Robots have been increasingly better at doing tasks for humans by learning from their feedback, but still often suffer from model misalignment due to missing or incorrectly learned features. When the features the robot needs to learn to perform its task are missing or do not generalize well to new settings, the robot will not be able to learn the task the human wants and, even worse, may learn a completely different and undesired behavior. Prior work shows how the robot can detect when its representation is missing some feature and can, thus, ask the human to be taught about the new feature; however, these works do not differentiate between features that are completely missing and those that exist but do not generalize to new environments. In the latter case, the robot would detect misalignment and simply learn a new feature, leading to an arbitrarily growing feature representation that can, in turn, lead to spurious correlations and incorrect learning down the line. In this work, we propose separating the two sources of misalignment: we propose a framework for determining whether a feature the robot needs is incorrectly learned and does not generalize to new environment setups vs. is entirely missing from the robot's representation. Once we detect the source of error, we show how the human can initiate the realignment process for the model: if the feature is missing, we follow prior work for learning new features; however, if the feature exists but does not generalize, we use data augmentation to expand its training and, thus, complete the correction. We demonstrate the proposed approach in experiments with a simulated 7DoF robot manipulator and physical human corrections.

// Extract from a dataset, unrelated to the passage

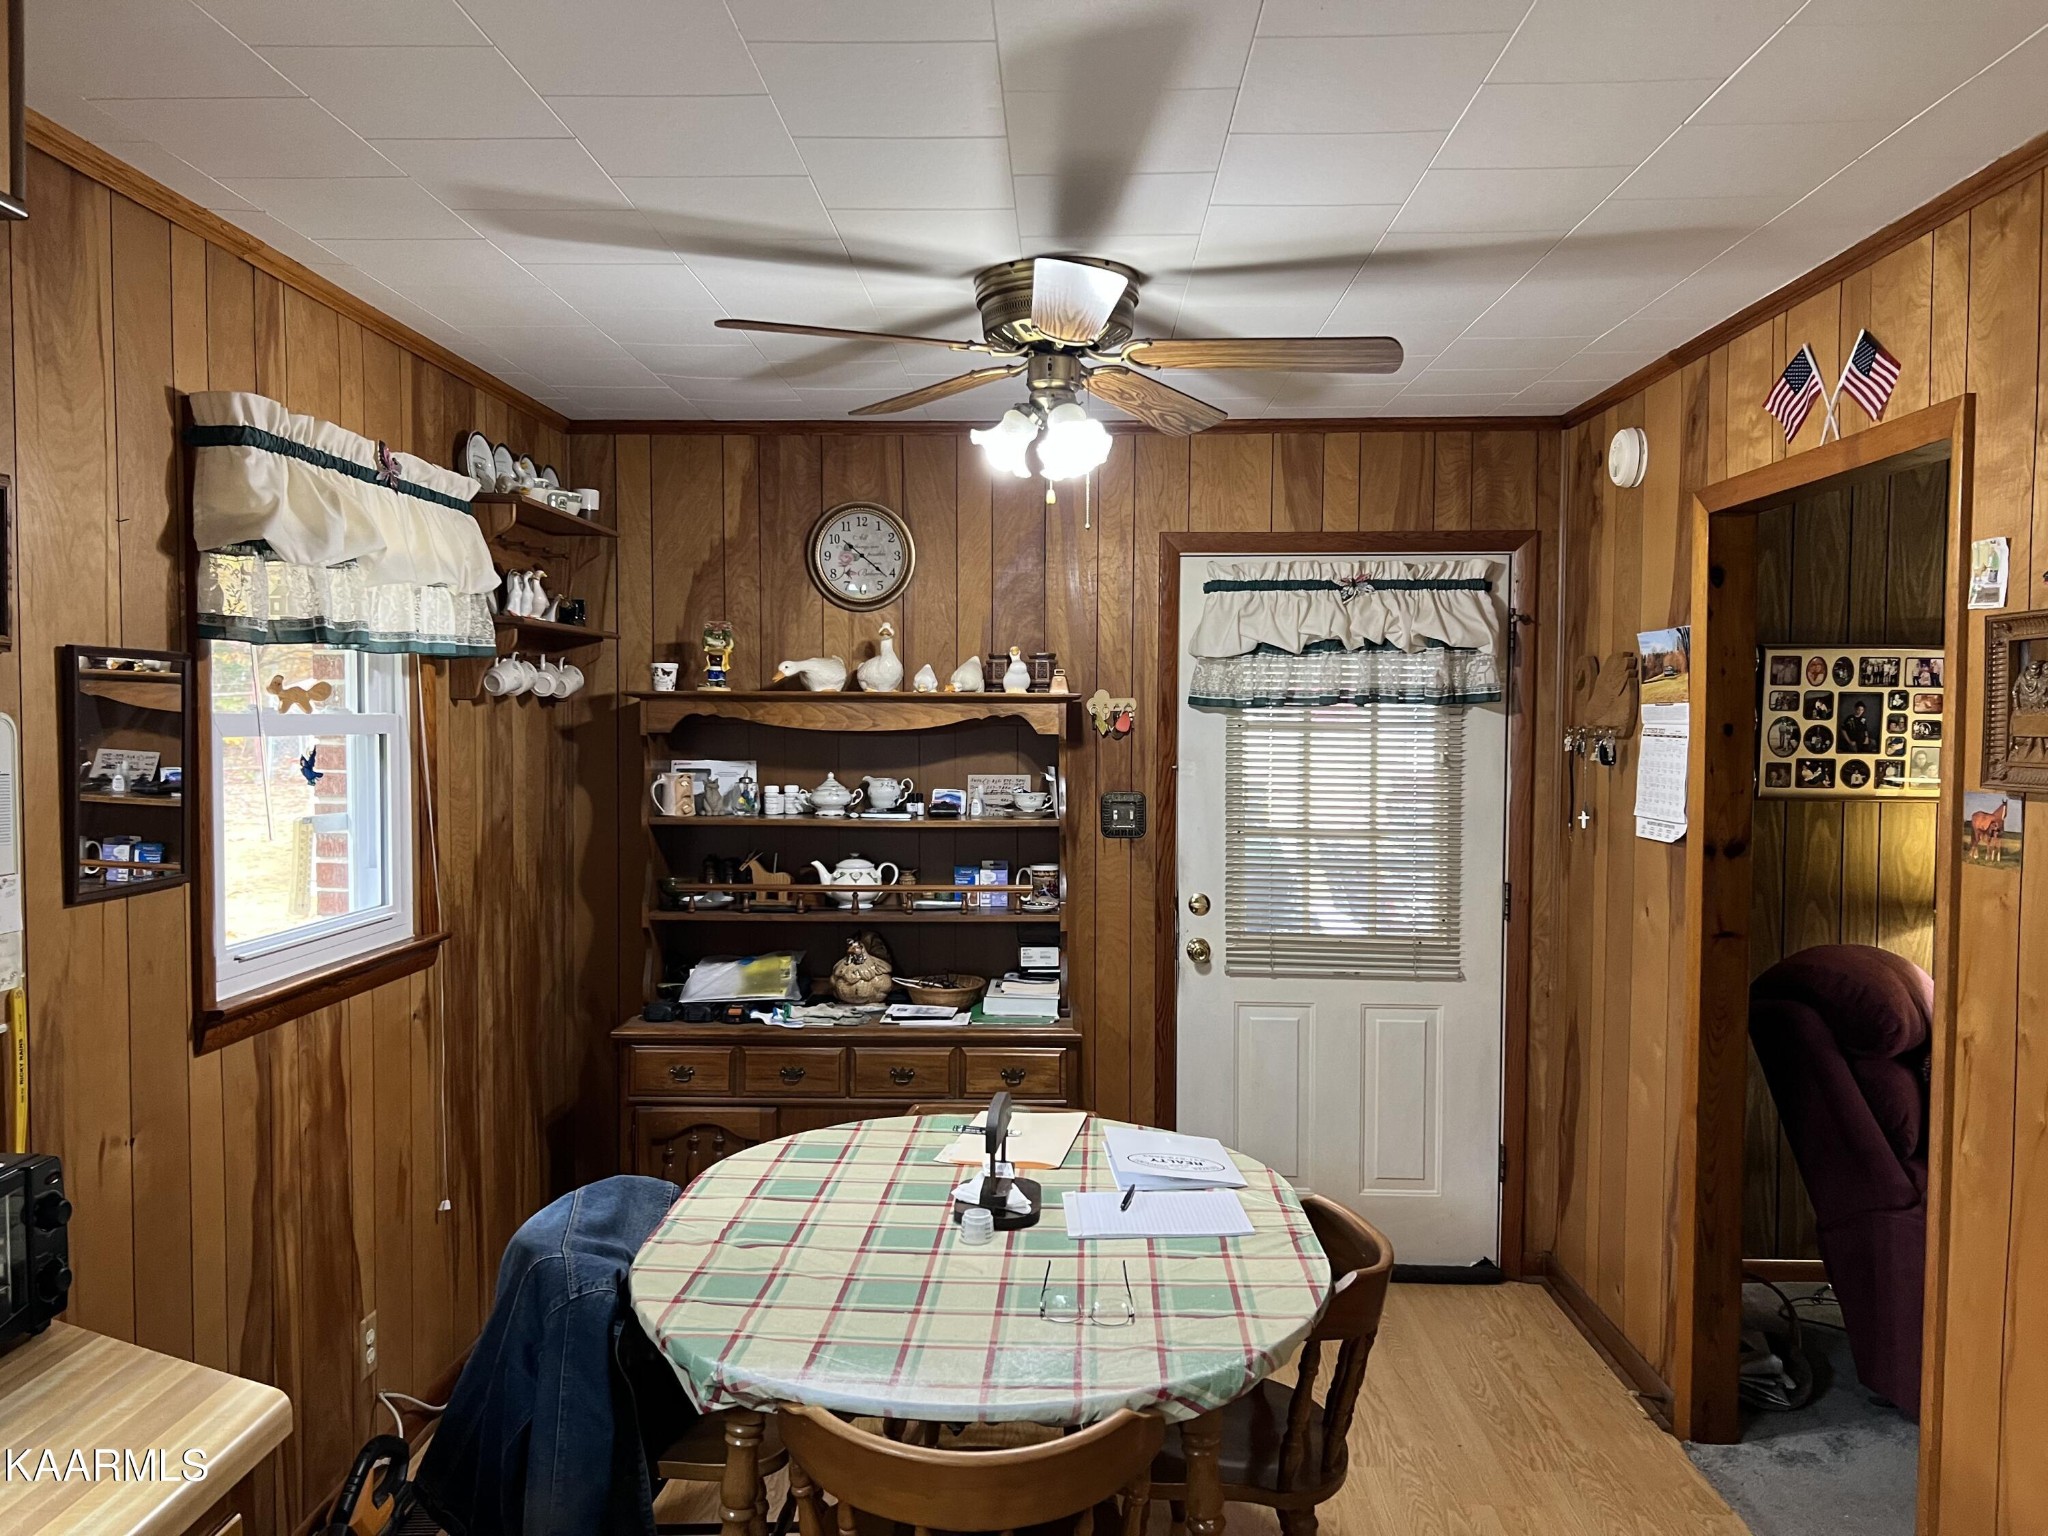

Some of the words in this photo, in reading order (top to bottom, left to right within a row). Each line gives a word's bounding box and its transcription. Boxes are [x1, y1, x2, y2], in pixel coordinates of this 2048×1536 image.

翻译：摘要：机器人通过人类反馈来执行任务的能力日益增强，但常因特征缺失或学习不当导致的模型失配问题而受限。当机器人执行任务所需学习的特征缺失或无法有效泛化至新场景时，其将无法习得人类期望的任务，更甚者可能学习到截然不同的非预期行为。现有研究展示了机器人如何检测其表示中缺失的特征，并据此请求人类教授新特征，但这些工作未能区分特征完全缺失与存在但无法泛化至新环境这两种情况。对于后者，机器人会检测到失配并简单学习新特征，这可能导致特征表示任意增长，进而引发虚假相关性与后续错误学习。本文提出将失配的两类来源分离：我们建立框架以判定机器人所需特征究竟是学习不当且无法泛化至新环境配置，还是完全不存在于其表示中。在检测到误差根源后，我们展示了人类如何启动模型重对齐过程：若特征缺失，则沿用先前工作学习新特征；若特征存在但无法泛化，则通过数据增强扩展其训练以实现修正。我们通过模拟七自由度机器人操作器与物理人类修正实验验证了所提方法。